─── MATERIAL FOR THIS EXERCISE ───
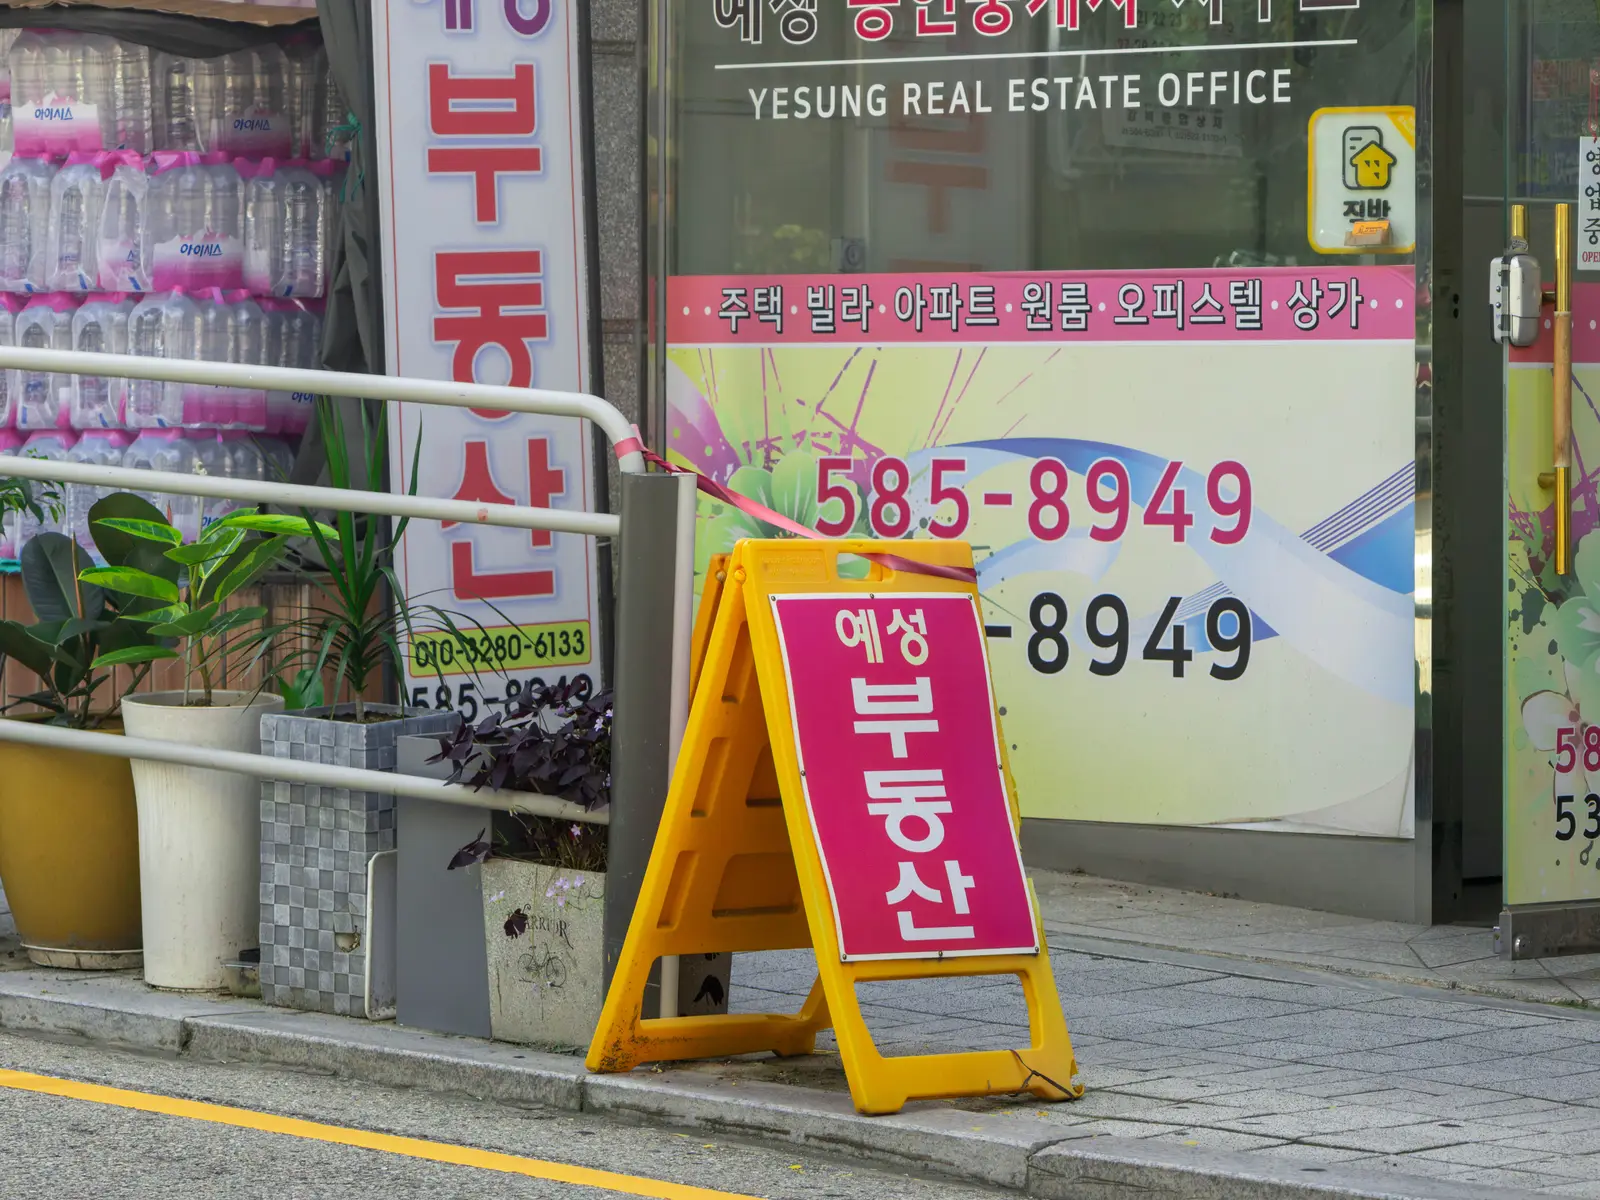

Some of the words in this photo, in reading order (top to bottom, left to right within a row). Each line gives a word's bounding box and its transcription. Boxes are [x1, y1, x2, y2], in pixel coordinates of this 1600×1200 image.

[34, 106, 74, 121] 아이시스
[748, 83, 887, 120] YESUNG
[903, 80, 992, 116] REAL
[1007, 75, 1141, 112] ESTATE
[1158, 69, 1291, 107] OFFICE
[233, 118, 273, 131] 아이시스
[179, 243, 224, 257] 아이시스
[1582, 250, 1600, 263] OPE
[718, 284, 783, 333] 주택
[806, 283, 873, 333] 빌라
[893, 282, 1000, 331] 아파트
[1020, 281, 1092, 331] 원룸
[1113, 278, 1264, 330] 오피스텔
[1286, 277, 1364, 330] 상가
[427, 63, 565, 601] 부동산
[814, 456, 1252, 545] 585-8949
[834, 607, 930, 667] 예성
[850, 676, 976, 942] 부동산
───
(TASK DIRECTIONS) The entries are to be printed exactly as written; the pictures are to be left out.

(OUTPUT BELOW)
Some of the words in this photo, in reading order (top to bottom, left to right within a row). Each line gives a word's bounding box and its transcription. Boxes are [x1, y1, x2, y2], in pixel coordinates of this 1600×1200 image.

[34, 106, 74, 121] 아이시스
[748, 83, 887, 120] YESUNG
[903, 80, 992, 116] REAL
[1007, 75, 1141, 112] ESTATE
[1158, 69, 1291, 107] OFFICE
[233, 118, 273, 131] 아이시스
[179, 243, 224, 257] 아이시스
[1582, 250, 1600, 263] OPE
[718, 284, 783, 333] 주택
[806, 283, 873, 333] 빌라
[893, 282, 1000, 331] 아파트
[1020, 281, 1092, 331] 원룸
[1113, 278, 1264, 330] 오피스텔
[1286, 277, 1364, 330] 상가
[427, 63, 565, 601] 부동산
[814, 456, 1252, 545] 585-8949
[834, 607, 930, 667] 예성
[850, 676, 976, 942] 부동산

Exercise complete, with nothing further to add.